Major Hazelton

No. 49
- Position: Defensive back

Personal information
- Born: September 19, 1943 Bartow, Florida, U.S.
- Died: December 3, 2023 (aged 80) Chicago, Illinois, U.S.
- Listed height: 6 ft 1 in (1.85 m)
- Listed weight: 185 lb (84 kg)

Career information
- High school: Bartow
- College: Florida A&M (1964-1967)
- NFL draft: 1968: 3rd round, 57th overall pick

Career history
- Chicago Bears (1968–1969); New Orleans Saints (1970);

Career NFL statistics
- Fumble recoveries: 2
- Stats at Pro Football Reference

= Major Hazelton =

American football player (1943–2023)

Major Floyd "Stick" Hazelton (September 19, 1943 – December 3, 2023) was a professional football player. He played for the Chicago Bears after being drafted from FAMU where he was a football and track star. He went to Union Academy, a high school for African Americans in Bartow, Florida established during the segregation era. The school produced several star FAMU and NFL players, especially during its Claude Woodruff coaching era.

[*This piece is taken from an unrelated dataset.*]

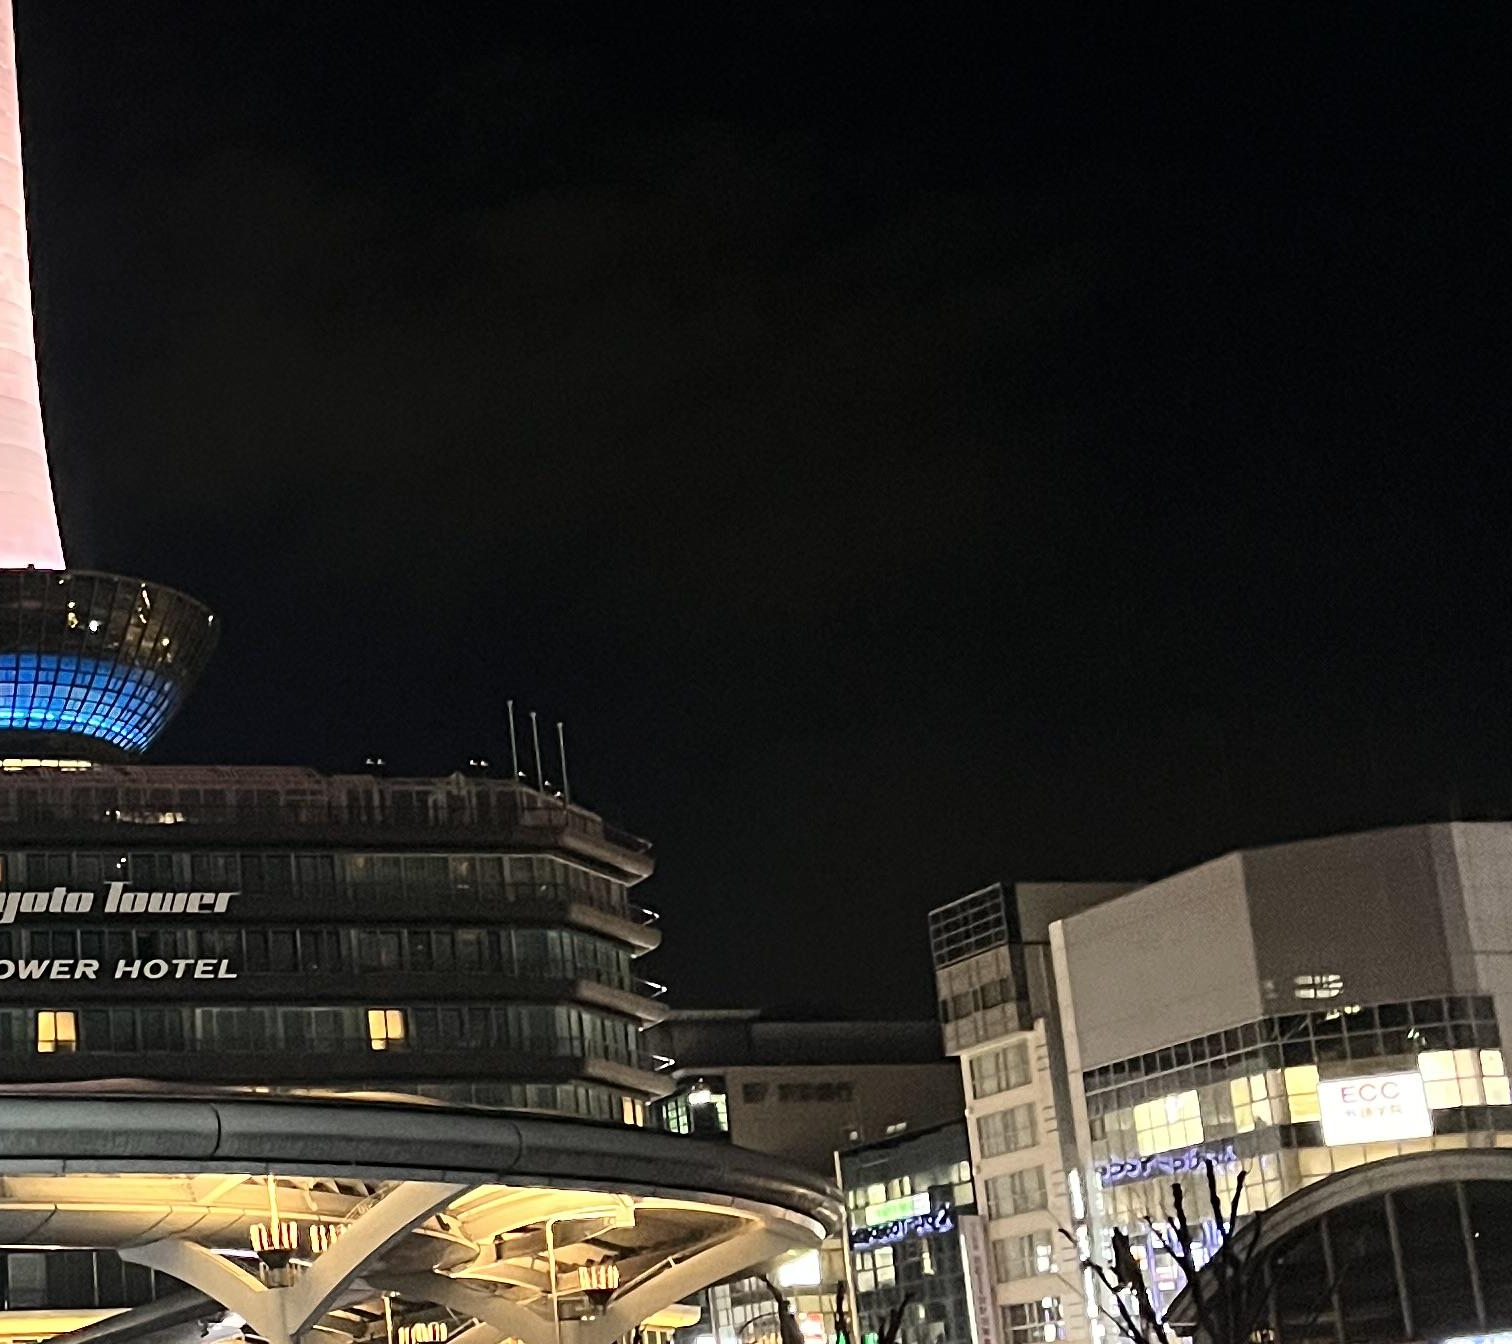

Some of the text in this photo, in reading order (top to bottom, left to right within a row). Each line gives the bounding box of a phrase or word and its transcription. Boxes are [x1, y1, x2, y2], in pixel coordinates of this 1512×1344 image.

[104, 881, 242, 913] Tower
[114, 959, 238, 980] HOTEL
[1341, 1082, 1400, 1104] ECC

In college, he played football under legendary coach, Alonzo A. S. Gaither. He earned All-American honors as a defensive back in 1966 and 1967. In addition to football, Hazelton was a star track athlete and was a member of Florida A&M University's 4x100 relay team that won this event three years in a row (1966–68) at the Penn Relays. He is a member of Florida A&M University's Hall of Fame in both football and track and field.

Hazelton played professionally as a 6'2" defensive back after being drafted by the Chicago Bears in the third round (57th overall) during the 1968 NFL/AFL draft. He played in 26 NFL games, starting in two.

He died on December 3, 2023, at the age of 80 in Chicago.